The way this practice works is first a publisher sells a copy of a video game.
However, it has been designed so that it must connect to the publisher in order to function. This acts as a potential kill switch. The customer is also given no information when the game will stop working, even though the publisher has decided to assume that responsibility.
Then, after an undisclosed length of time, the publisher disables all existing copies of the game, but keeps the customer's money. The publisher also enacts countermeasures to ensure repairing the game to ensure repairing the game is almost impossible, even for experienced software professionals. From this point onward, no customer can ever run the purchase again. Besides destroying the game, this practice is also subverting customer expectations.
Most video games can work indefinitely, which has been the customer standard for half a century, including ones that connect to the internet. Alternately, a small number of video games operate as subscription services, but those inform the customer exactly when their access ends at the time of payment. The games we're referring to do no such thing.
They almost always contain terms stating they can end at any time for any reason.
What this means is customers have no real protections when they buy games like these. They are unable to keep them and they are not informed when they will end.
>> Ross makes a compelling argument and I fully stand behind him with what he's saying because yes, there does need to be laws in place because if you pay for something, you should have access to it otherwise that slope will get so slippery that nothing will get better for any of us.
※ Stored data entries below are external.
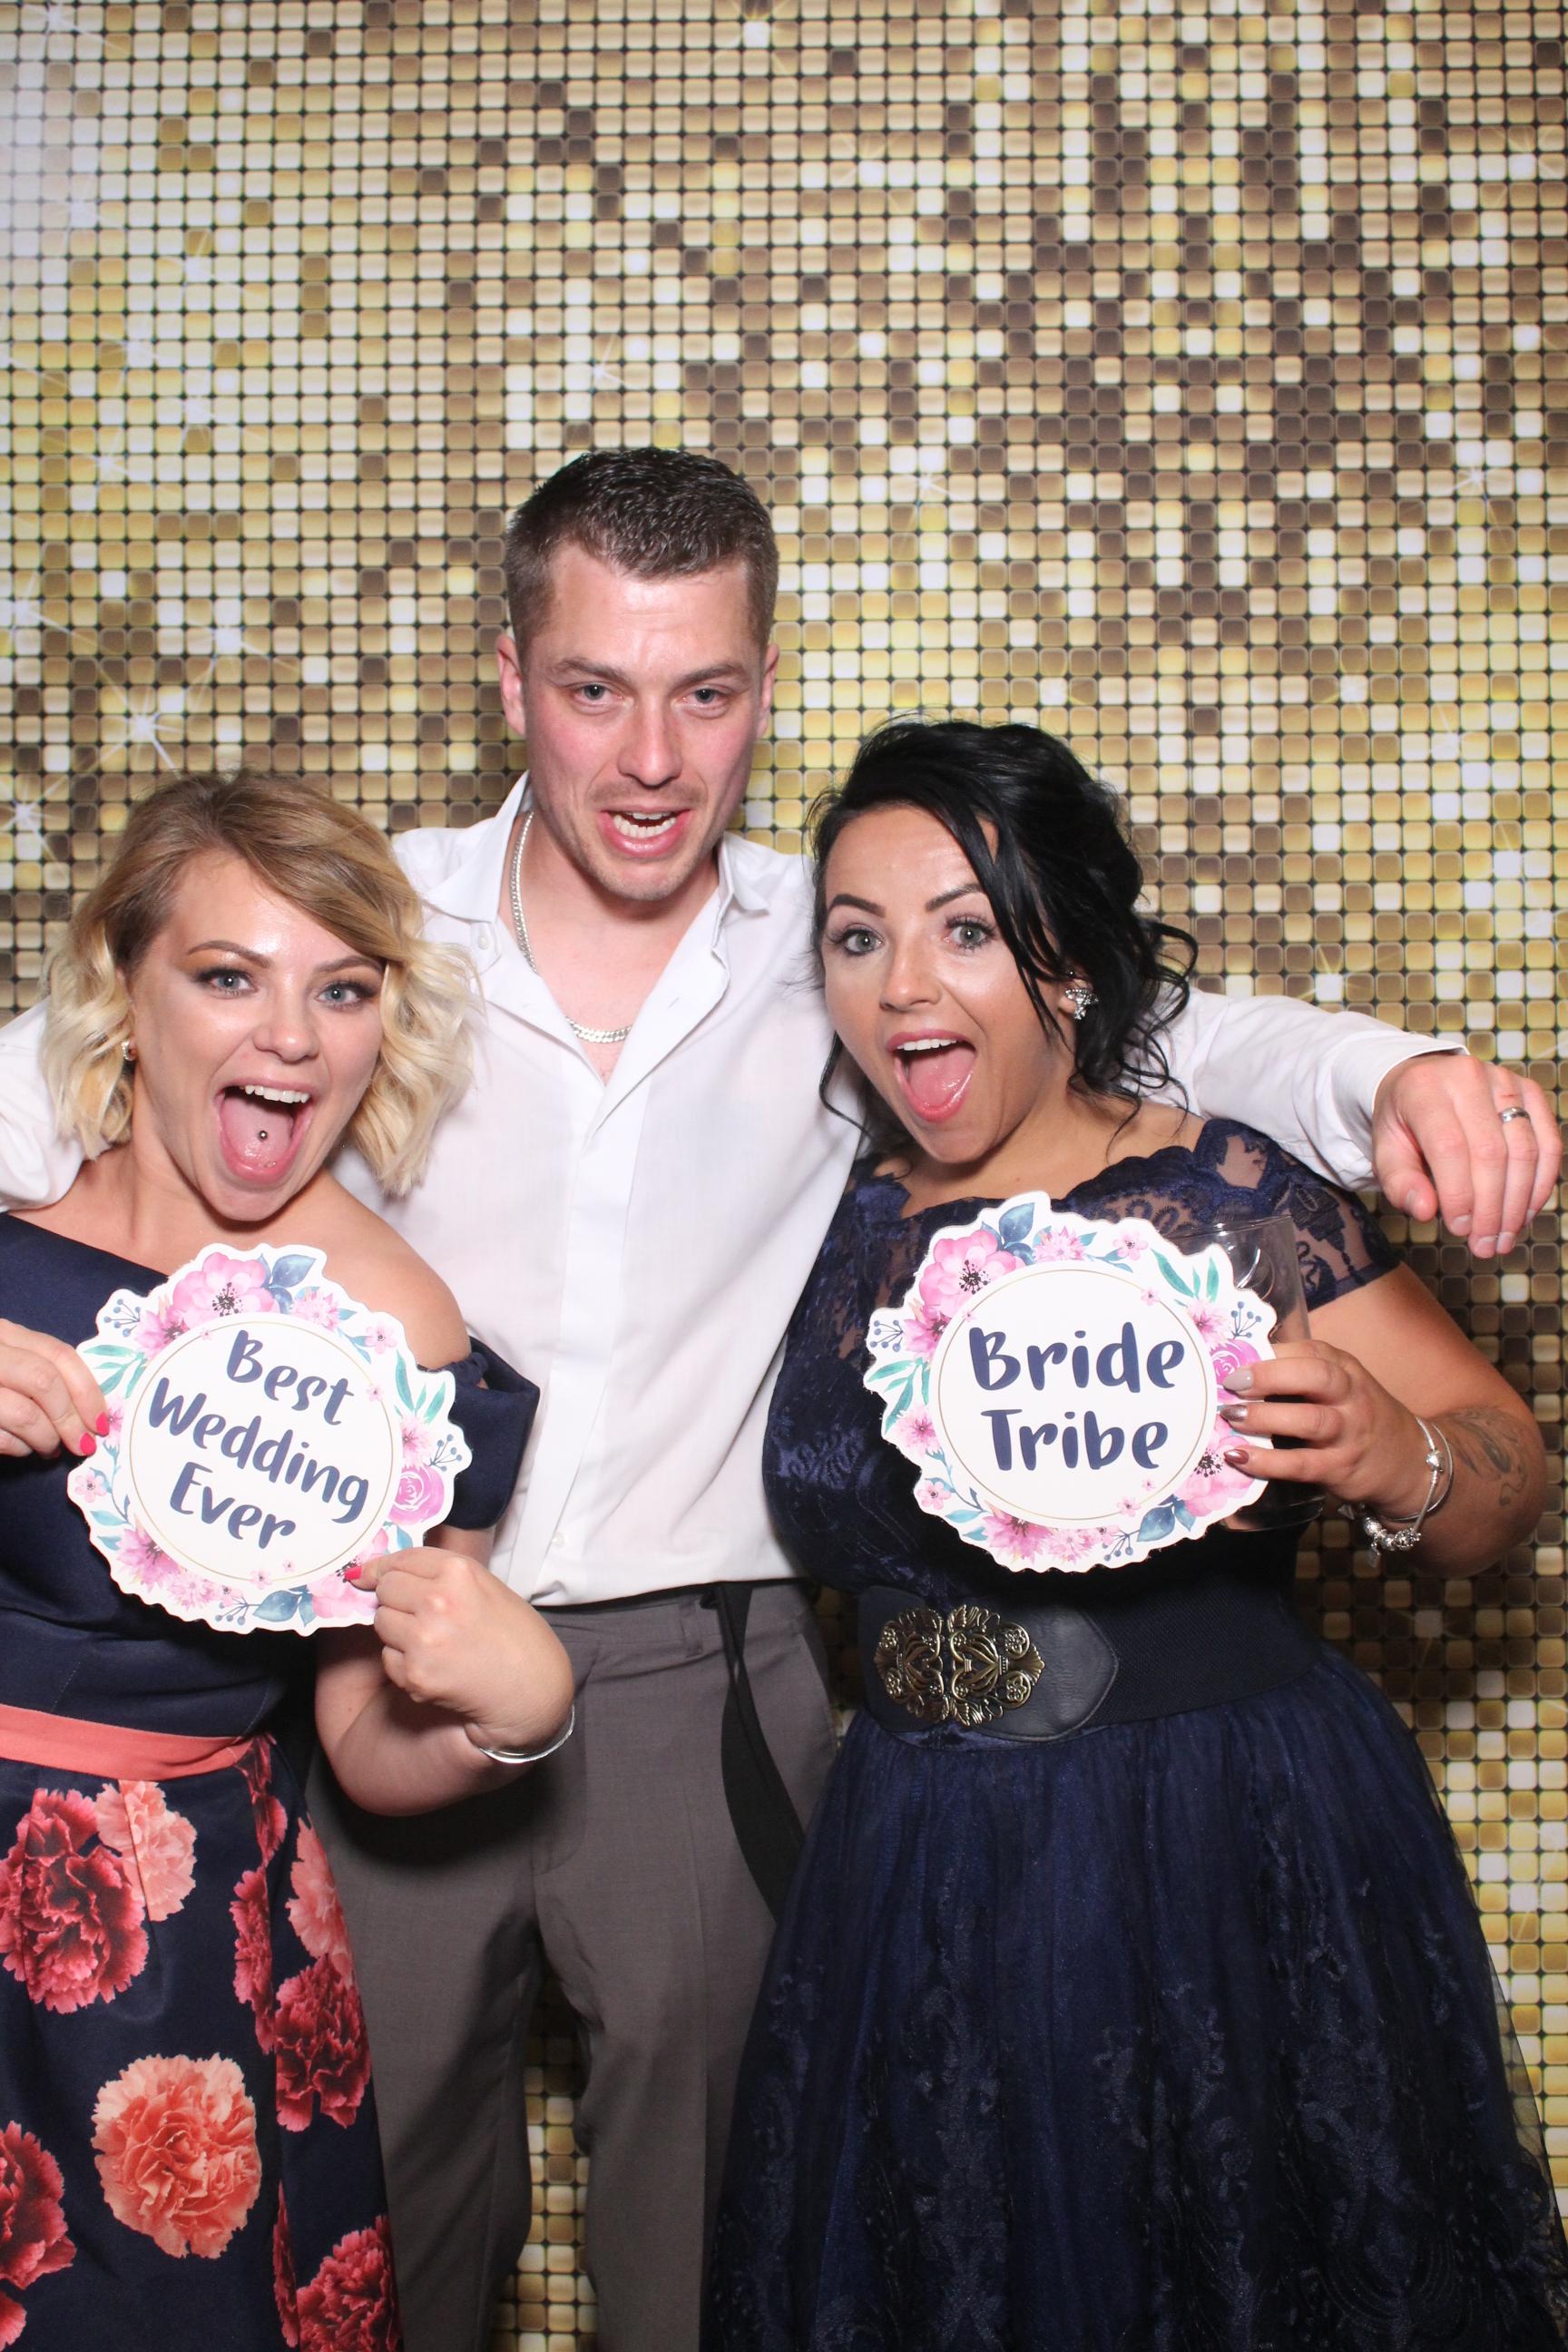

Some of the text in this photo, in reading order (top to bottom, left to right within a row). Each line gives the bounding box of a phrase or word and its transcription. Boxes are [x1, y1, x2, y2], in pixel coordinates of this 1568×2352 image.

[226, 1329, 355, 1426] Best
[968, 1321, 1185, 1394] Bride
[148, 1377, 369, 1524] Wedding
[980, 1408, 1169, 1471] Tribe
[169, 1461, 297, 1550] Ever
Ross at one point brings up the idea that this concept of buying something and not owning it is foreign to most other industries. Like if you buy a car, you physically have that.
Once you pay it off, it's yours to keep.
No one can take it away from you. Well, I mean, they can steal it, but you get the idea. Same goes with your fridge, your TV, your couch, that's yours. You bought it and that's all yours to have forever and do whatever you want with it. Yet, with games, it's not. You just don't own it. Even if you buy the game physically, the disc itself half the time is really nothing more than a disc that must be inserted to access the digital version of that game. Anyways, this practice on Nintendo Switch 1 and 2, for example, is very rampant. The idea of the key card, right? That's literally what that is. If Nintendo were to ban you for whatever reason, right?
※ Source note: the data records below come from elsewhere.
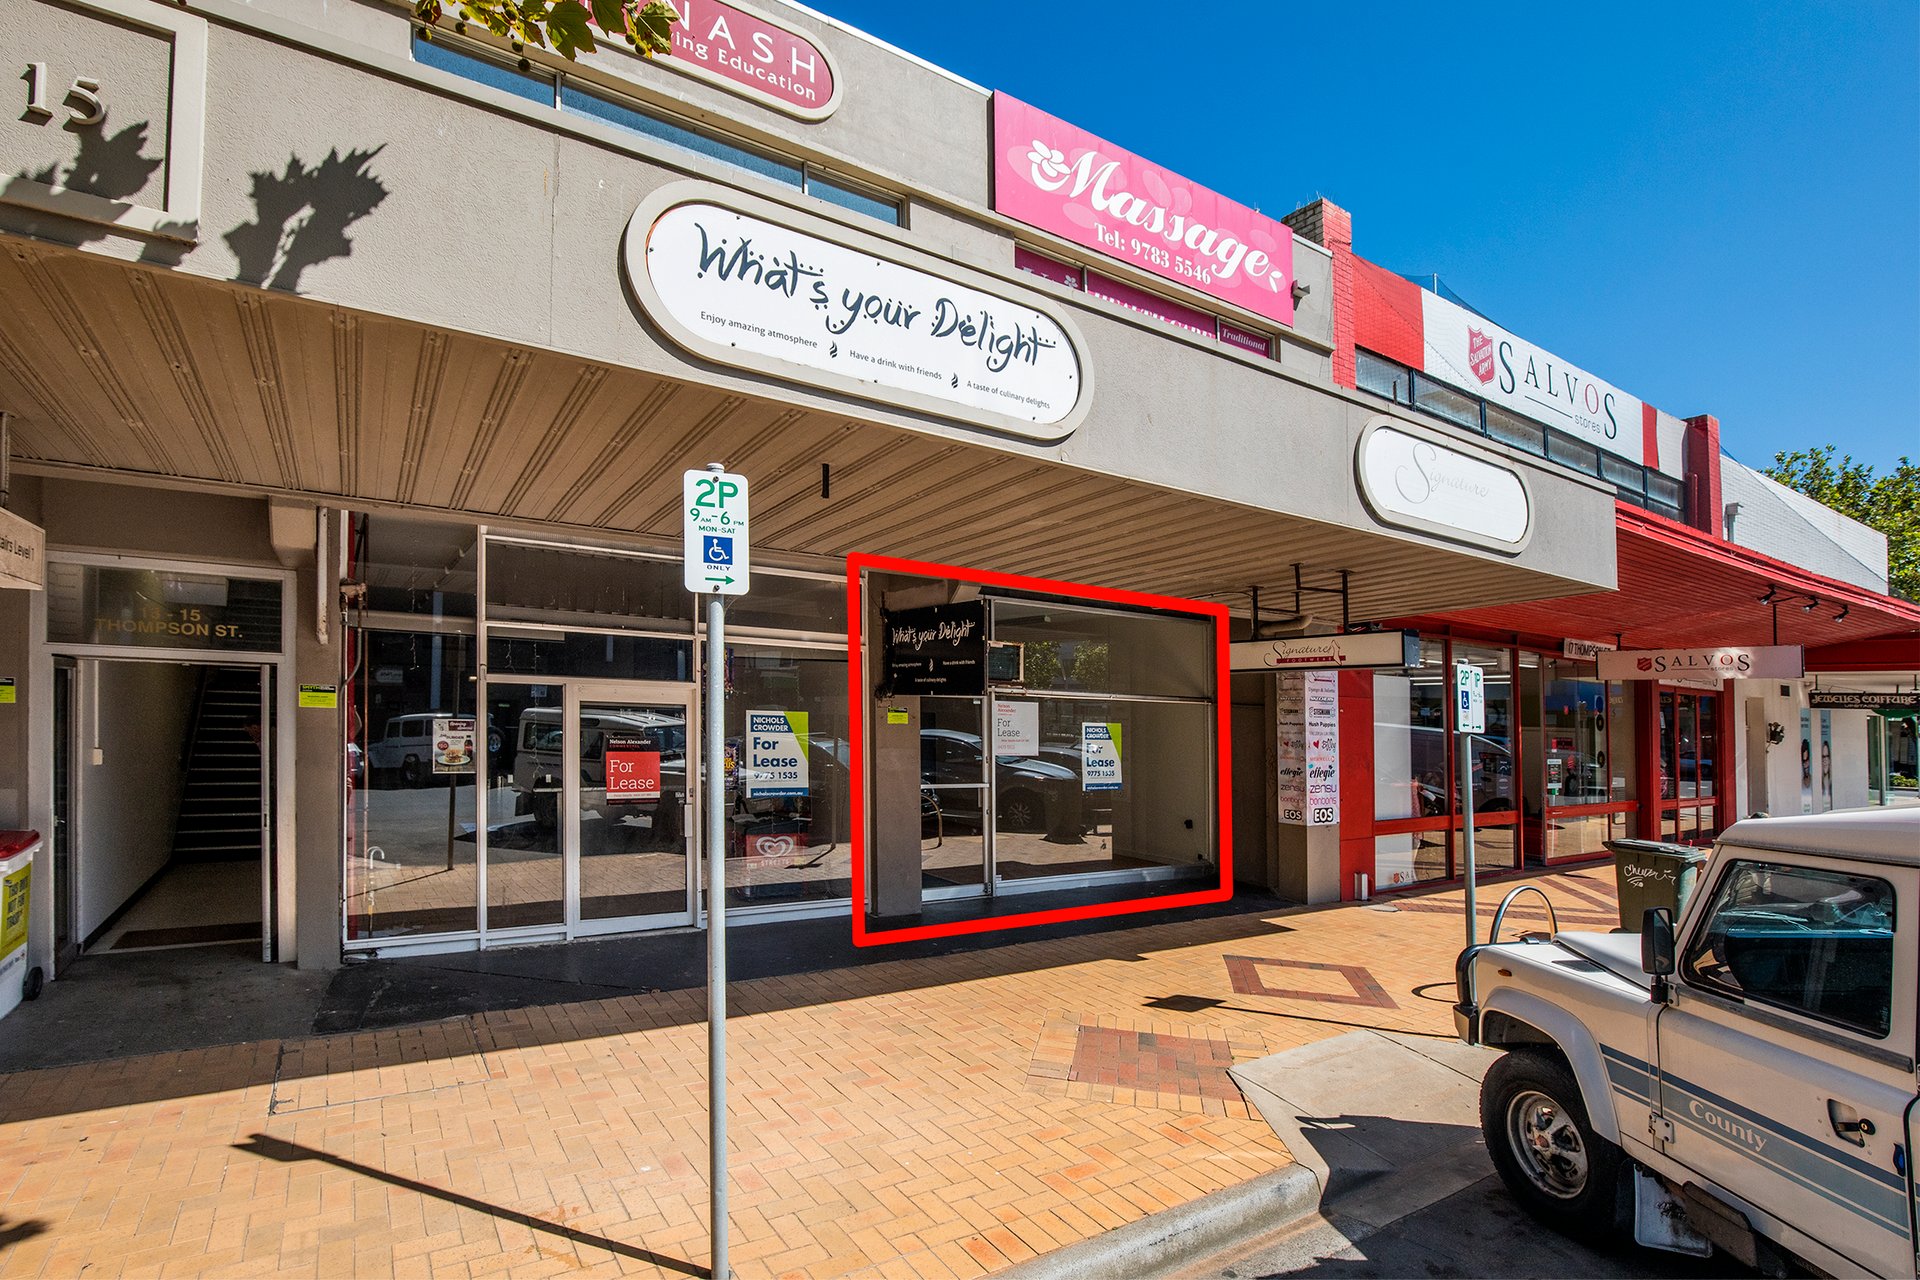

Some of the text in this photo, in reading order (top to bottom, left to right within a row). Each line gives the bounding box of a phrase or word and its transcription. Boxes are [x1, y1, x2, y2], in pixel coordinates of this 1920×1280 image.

[717, 50, 817, 102] Education
[19, 61, 105, 126] 15
[1028, 139, 1270, 279] Massage
[1094, 221, 1212, 286] Tel: 9783 5546
[700, 311, 818, 349] Enjoy amazing atmosphere
[825, 288, 921, 335] your
[931, 297, 1057, 373] Delight
[1221, 327, 1267, 352] Traditional
[850, 349, 942, 380] Have a drink with friends
[967, 380, 1051, 410] A taste of culinary delights
[1499, 340, 1617, 440] SALVOS
[1574, 414, 1601, 433] stores
[695, 479, 739, 508] 2P
[180, 608, 201, 621] 15
[95, 618, 243, 638] THOMPSON ST.
[938, 619, 976, 647] Delight
[1655, 654, 1750, 672] SALVOS
[1460, 669, 1470, 686] 2P
[1862, 694, 1917, 705] COIFFURE
[753, 724, 789, 732] CROWDER
[997, 718, 1011, 727] For
[997, 728, 1021, 737] Lease
[753, 736, 779, 750] For
[609, 759, 635, 773] For
[753, 753, 798, 768] Lease
[1086, 756, 1115, 768] Lease
[609, 776, 655, 790] Lease
[778, 771, 798, 780] 1535
[1284, 810, 1302, 820] EOS
[1314, 808, 1333, 823] EOS
[1688, 1099, 1767, 1152] County
Your key card can't be used on your Switch anymore, and that's kind of insane. But as Ross Scott's presentation, the response has been nothing short of extraordinary to it. As PC Gamer reported here, all the members of Parliament that were present for Ross' speech responded very positively to what he had to say, which that is an absolute win for all of us because it means that not only is Ross onto something here, but that the European Union's elected officials also agree that yeah, you know what, you guys are kind of right. The game company shouldn't be allowed to just bully you around like this. Daniel Androska as seen here is mentioned who is a consultant that supports stop killing games as well and states that what Ross Scott and the movement want is not unreasonable. And as Daniel says there below, the fact that games that were made 20 years ago are still playable.
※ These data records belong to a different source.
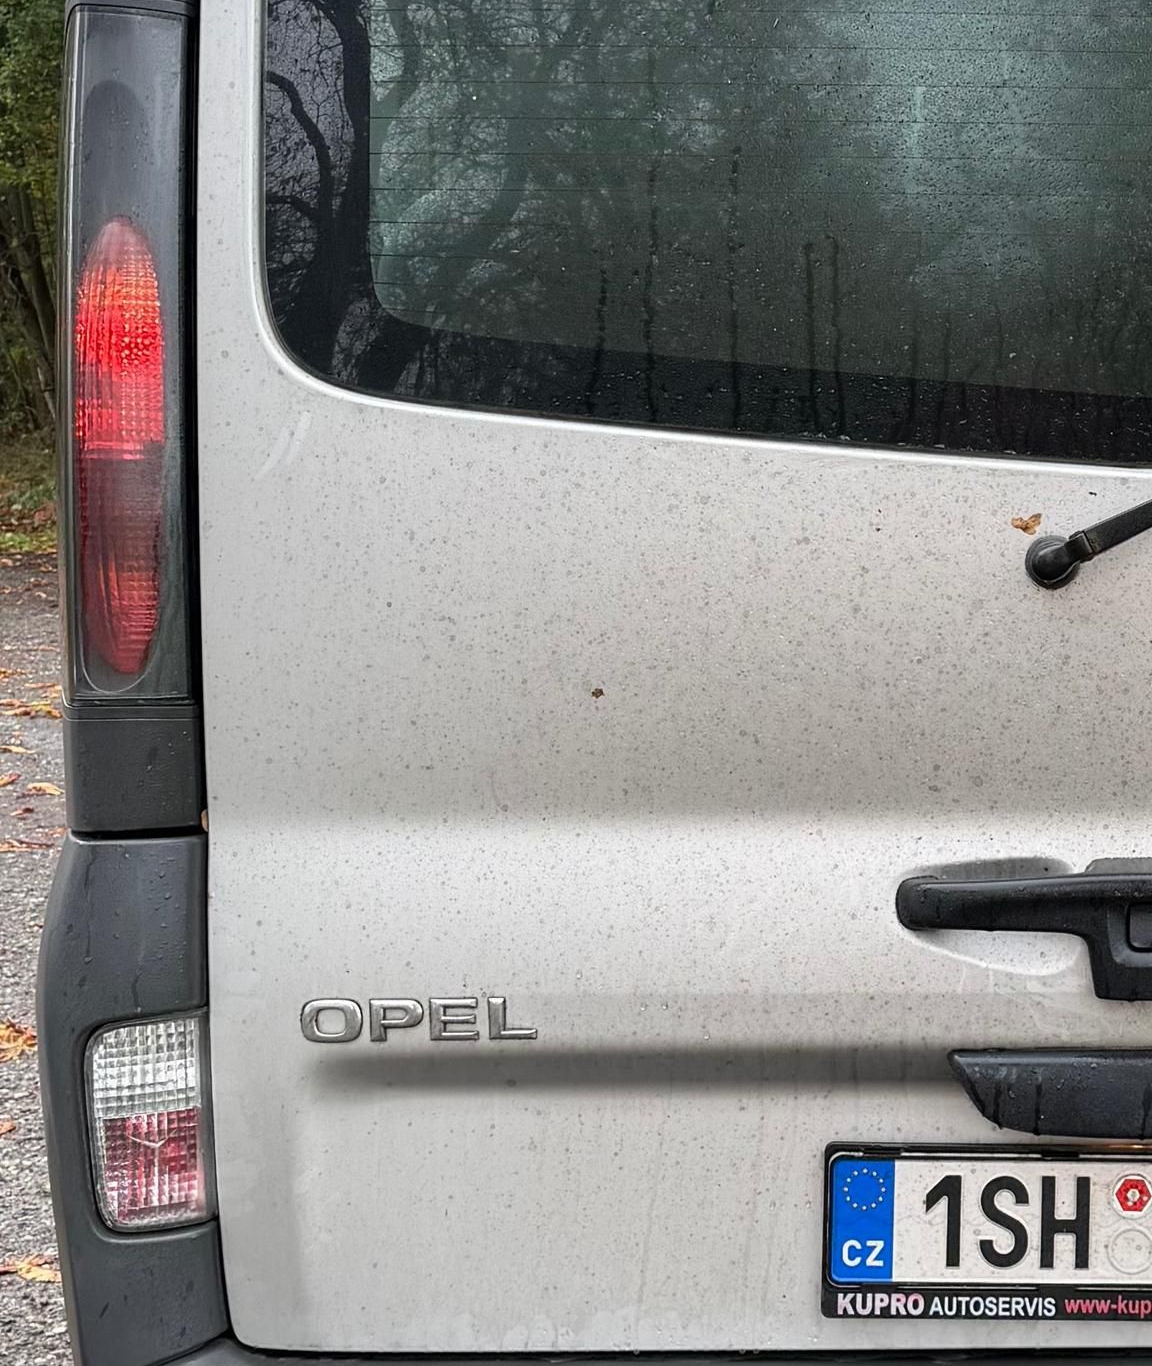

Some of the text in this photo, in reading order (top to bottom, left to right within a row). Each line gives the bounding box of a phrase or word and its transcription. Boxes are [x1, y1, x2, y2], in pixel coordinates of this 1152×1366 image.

[301, 997, 538, 1043] OPEL
[924, 1175, 1091, 1268] 1SH
[842, 1238, 885, 1268] CZ
[837, 1293, 925, 1316] KUPRO
[929, 1296, 1056, 1317] AUTOSERVIS
Yet games that were made not only 3 years ago aren't playable is a big reason why this sort of thing needs to become a law. At one point during Ross Scott's presentation, he brings up Concord, a game we all know that is still considered one of the biggest flops in gaming history. Allegedly, the development of that game was somehow $400 million. I don't know, man. That's what it was. But anyway, the game didn't resonate. Obviously, it got erased by Sony PlayStation, and everyone who bought the game digitally or physically could no longer access the game. Now, sure, yes, Concord didn't reach an audience. But either way, the fact that it's just ceased to exist is kind of the point. The same could also be said about Highguard, a game that was the final announcement trailer of the Game Awards 2025, only to release in January 2026.
And then by March, it was also effectively erased and taken offline forever by Wildlife Entertainment after again not having a big enough audience.
The same also happened with Anthem as well. That game, which came out in 2017, I think anyways, if I remember correctly, also had its service taken down forever, too. That game could have been sold as a single player offline game, but instead Boware and EA just erased the game from existence, too. All of this happens because of what Daniel Androska, that consultant, said. This is not a design decision. In fact, it's just a business one instead. So, companies have no problem killing off games that don't do well, no matter how small the audience is. The actual statistics, however, are very, very scary when you have the raw data in front of you. So, Ross Scott during his presentation shows a slide, as you can see here, where he details the video games that require an online internet connection in order to be played. As you can see, of those games that were surveyed from a volunteer study on the left, there are 636 games that had multiplayer modes. Besides their single player modes were not available due to companies killing them off essentially with only 4.6% of the games in that survey being still playable today. On the right there is just as crazy. Full games that require online to function.
93.5% of those games have also been erased from existence as well. That very small pie of games in that 6.5% bracket.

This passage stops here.